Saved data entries
----

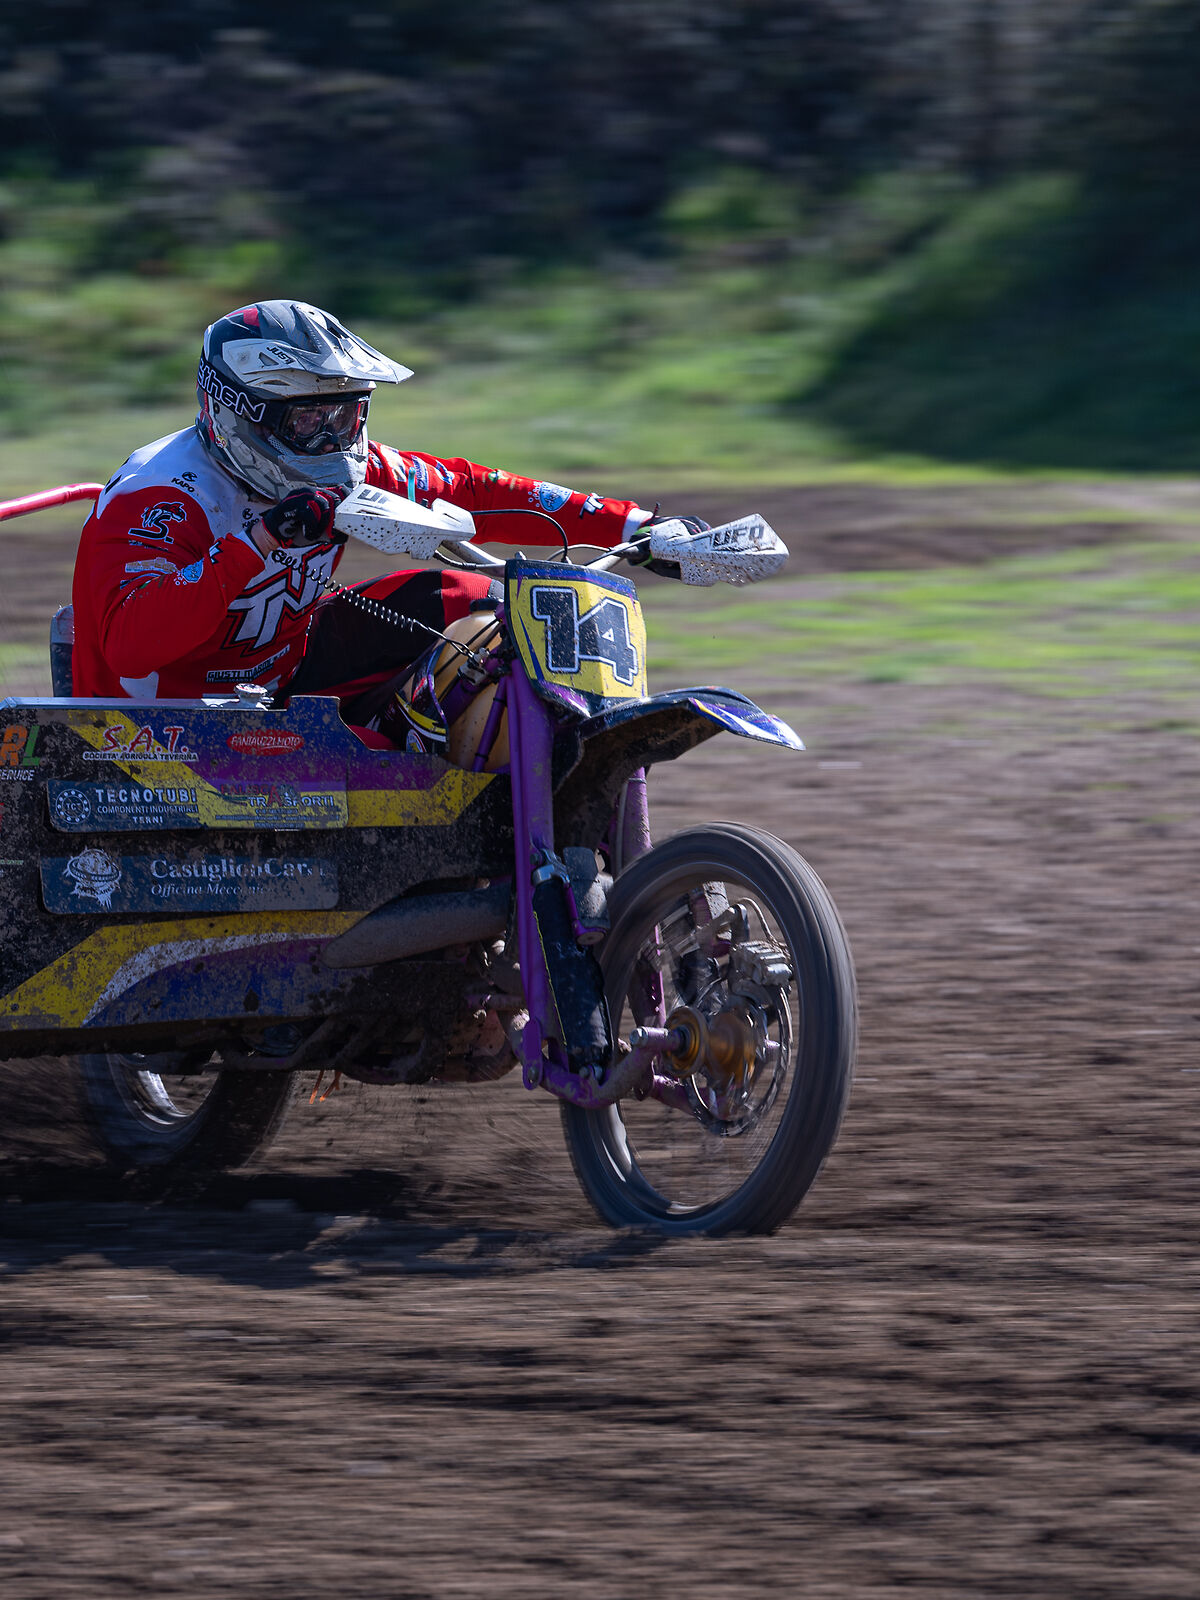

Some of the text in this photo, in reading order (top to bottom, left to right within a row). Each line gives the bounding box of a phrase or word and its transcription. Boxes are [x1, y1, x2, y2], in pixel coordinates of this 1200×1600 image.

[171, 477, 195, 493] KAPO
[712, 525, 765, 547] UFO
[530, 586, 639, 686] 14
[100, 724, 190, 753] S.A.T.
[94, 787, 198, 804] TECNOTUBI
[132, 815, 164, 825] TERNI

----

Set all of the records down once more, letter for letter, with the images removed.

= ANSWER BOX =
Some of the text in this photo, in reading order (top to bottom, left to right within a row). Each line gives the bounding box of a phrase or word and its transcription. Boxes are [x1, y1, x2, y2], in pixel coordinates of this 1200×1600 image.

[171, 477, 195, 493] KAPO
[712, 525, 765, 547] UFO
[530, 586, 639, 686] 14
[100, 724, 190, 753] S.A.T.
[94, 787, 198, 804] TECNOTUBI
[132, 815, 164, 825] TERNI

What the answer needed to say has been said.